■ **What to produce**
Copy exactly the last part of the entries, starting from the line with "this 1200×1600 image." and including the final line.

------ Materials provided ------

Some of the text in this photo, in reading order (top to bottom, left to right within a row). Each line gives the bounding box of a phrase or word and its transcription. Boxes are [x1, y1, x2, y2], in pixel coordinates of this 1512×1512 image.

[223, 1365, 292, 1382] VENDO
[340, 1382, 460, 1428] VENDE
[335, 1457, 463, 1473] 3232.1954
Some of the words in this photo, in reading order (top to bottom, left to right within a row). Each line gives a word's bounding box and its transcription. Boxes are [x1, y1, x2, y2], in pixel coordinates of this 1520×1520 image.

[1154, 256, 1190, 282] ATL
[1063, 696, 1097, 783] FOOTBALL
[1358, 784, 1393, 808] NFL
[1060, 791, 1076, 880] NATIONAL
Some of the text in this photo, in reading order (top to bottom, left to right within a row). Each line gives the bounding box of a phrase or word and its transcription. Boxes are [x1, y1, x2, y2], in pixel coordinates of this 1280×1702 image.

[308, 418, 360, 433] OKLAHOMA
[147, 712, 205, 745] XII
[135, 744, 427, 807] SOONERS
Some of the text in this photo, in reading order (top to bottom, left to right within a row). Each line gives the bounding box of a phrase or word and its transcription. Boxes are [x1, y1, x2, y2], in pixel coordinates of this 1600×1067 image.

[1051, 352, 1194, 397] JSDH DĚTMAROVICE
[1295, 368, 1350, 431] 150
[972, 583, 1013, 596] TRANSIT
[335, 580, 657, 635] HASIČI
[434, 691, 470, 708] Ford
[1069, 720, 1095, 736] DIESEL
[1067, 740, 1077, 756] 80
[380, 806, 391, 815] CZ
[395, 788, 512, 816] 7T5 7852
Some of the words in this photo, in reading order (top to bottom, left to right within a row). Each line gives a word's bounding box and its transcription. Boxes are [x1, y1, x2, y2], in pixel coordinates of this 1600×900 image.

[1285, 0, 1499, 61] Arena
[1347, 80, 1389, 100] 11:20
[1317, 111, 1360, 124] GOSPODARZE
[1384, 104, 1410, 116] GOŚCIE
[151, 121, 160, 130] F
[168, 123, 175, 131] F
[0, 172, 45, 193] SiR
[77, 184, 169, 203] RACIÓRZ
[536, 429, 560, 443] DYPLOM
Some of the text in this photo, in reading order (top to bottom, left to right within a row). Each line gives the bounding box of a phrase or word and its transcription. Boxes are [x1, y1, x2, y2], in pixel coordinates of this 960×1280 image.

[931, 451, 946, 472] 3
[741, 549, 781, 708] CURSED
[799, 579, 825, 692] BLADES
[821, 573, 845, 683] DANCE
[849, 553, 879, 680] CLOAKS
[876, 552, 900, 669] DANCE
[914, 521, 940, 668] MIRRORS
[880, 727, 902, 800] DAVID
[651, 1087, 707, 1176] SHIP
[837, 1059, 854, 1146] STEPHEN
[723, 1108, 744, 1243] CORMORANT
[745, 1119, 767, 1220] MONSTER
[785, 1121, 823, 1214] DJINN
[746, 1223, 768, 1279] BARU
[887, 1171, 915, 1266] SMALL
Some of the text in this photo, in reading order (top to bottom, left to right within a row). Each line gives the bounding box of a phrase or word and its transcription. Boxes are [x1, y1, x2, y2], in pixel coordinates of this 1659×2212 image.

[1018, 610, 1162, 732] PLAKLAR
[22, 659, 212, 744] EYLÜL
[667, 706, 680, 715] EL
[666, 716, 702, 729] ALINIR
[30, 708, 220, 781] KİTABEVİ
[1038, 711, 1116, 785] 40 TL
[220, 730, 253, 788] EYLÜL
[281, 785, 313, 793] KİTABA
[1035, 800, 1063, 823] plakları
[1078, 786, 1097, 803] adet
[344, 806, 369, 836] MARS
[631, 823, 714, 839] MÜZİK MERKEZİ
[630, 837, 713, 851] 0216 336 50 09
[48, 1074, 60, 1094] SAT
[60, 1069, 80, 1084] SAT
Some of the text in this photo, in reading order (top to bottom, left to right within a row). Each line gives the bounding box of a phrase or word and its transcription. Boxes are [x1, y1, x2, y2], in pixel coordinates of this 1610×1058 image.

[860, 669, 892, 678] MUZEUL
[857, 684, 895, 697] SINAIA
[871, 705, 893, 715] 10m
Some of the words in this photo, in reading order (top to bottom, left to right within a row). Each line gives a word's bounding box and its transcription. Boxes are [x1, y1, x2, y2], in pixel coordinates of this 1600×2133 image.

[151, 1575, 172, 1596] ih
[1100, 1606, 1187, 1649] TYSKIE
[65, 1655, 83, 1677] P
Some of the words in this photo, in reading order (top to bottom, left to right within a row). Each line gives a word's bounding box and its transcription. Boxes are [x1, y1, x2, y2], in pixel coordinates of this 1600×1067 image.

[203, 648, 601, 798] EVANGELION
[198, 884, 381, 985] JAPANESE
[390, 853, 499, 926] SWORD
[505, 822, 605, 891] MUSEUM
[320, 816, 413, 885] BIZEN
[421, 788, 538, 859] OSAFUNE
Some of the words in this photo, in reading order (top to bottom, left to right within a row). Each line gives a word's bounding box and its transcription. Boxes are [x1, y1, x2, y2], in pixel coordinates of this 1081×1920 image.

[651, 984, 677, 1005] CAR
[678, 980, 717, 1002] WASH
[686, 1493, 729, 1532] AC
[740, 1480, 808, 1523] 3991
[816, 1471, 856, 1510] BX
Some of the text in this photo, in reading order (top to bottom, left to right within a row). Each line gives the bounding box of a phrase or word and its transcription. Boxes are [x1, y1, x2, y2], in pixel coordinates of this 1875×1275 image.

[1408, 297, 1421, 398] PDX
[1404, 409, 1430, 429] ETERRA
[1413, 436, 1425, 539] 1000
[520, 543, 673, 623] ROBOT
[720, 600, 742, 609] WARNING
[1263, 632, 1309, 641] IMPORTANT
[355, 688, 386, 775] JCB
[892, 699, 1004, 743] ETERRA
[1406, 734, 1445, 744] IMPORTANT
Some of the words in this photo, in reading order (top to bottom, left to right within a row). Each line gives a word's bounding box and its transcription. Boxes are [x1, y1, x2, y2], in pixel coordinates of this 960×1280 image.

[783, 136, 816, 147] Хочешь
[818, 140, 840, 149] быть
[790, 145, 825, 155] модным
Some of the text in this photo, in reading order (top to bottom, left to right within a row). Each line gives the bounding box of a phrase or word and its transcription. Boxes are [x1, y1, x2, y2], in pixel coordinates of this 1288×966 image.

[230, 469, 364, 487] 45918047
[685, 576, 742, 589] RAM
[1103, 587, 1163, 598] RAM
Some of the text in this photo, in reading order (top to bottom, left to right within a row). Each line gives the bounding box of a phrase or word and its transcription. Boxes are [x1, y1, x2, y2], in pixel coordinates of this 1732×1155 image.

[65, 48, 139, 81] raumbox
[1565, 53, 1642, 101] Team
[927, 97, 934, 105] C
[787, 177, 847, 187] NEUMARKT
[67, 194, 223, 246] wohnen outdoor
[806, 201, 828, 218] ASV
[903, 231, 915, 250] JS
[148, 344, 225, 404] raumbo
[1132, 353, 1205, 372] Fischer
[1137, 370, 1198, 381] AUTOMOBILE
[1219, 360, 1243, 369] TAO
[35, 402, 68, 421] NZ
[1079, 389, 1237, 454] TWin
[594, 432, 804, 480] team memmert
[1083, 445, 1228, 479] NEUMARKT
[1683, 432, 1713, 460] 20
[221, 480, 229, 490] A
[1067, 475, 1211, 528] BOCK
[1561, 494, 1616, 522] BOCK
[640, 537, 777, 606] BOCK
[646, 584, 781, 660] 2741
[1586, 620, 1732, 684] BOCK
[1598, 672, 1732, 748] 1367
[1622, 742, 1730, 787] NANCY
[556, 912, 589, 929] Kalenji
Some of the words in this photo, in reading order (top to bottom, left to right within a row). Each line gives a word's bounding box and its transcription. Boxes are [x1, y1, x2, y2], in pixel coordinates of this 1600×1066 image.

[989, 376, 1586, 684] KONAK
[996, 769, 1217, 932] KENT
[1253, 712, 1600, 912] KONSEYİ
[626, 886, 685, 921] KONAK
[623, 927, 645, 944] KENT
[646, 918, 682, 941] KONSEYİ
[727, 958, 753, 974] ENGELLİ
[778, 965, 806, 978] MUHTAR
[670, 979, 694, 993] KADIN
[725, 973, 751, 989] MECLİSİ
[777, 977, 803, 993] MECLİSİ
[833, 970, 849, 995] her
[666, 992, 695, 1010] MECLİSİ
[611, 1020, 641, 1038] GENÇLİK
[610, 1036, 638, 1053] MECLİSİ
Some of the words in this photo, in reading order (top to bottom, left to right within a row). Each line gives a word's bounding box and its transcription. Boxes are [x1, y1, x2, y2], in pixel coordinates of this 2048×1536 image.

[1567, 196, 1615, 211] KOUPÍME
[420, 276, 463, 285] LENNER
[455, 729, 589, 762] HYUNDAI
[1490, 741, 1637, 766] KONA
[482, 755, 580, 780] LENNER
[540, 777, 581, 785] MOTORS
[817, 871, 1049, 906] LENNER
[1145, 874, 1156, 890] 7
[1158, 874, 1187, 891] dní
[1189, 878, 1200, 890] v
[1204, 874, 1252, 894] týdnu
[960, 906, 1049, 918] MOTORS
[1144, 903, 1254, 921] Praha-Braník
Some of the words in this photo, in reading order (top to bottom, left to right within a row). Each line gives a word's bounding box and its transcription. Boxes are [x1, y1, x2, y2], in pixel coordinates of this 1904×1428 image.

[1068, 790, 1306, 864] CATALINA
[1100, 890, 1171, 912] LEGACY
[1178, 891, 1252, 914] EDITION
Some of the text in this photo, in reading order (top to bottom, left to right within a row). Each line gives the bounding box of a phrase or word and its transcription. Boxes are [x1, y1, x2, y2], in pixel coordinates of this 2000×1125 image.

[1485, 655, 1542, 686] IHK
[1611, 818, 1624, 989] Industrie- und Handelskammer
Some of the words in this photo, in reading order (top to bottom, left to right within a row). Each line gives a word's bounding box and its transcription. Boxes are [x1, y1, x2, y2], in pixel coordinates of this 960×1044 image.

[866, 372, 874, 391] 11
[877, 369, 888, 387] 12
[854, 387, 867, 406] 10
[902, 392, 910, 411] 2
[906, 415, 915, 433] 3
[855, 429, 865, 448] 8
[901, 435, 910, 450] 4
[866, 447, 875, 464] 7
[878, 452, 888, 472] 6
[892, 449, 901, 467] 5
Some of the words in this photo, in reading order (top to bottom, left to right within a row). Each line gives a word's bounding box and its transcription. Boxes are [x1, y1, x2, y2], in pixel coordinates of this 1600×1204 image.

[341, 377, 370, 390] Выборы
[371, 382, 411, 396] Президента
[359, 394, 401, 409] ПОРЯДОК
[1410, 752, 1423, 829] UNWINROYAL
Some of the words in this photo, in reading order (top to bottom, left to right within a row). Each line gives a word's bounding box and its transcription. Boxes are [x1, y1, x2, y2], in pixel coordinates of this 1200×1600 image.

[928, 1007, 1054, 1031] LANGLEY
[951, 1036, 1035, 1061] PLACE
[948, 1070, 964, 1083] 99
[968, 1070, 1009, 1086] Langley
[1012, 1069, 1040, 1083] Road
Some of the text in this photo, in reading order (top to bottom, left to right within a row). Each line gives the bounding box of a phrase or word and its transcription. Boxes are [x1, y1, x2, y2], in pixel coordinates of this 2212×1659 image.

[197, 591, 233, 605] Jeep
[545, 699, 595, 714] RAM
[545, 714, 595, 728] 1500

------

■ **Reply**
Some of the words in this photo, in reading order (top to bottom, left to right within a row). Each line gives a word's bounding box and its transcription. Boxes are [x1, y1, x2, y2], in pixel coordinates of this 1200×1600 image.

[928, 1007, 1054, 1031] LANGLEY
[951, 1036, 1035, 1061] PLACE
[948, 1070, 964, 1083] 99
[968, 1070, 1009, 1086] Langley
[1012, 1069, 1040, 1083] Road
Some of the text in this photo, in reading order (top to bottom, left to right within a row). Each line gives the bounding box of a phrase or word and its transcription. Boxes are [x1, y1, x2, y2], in pixel coordinates of this 2212×1659 image.

[197, 591, 233, 605] Jeep
[545, 699, 595, 714] RAM
[545, 714, 595, 728] 1500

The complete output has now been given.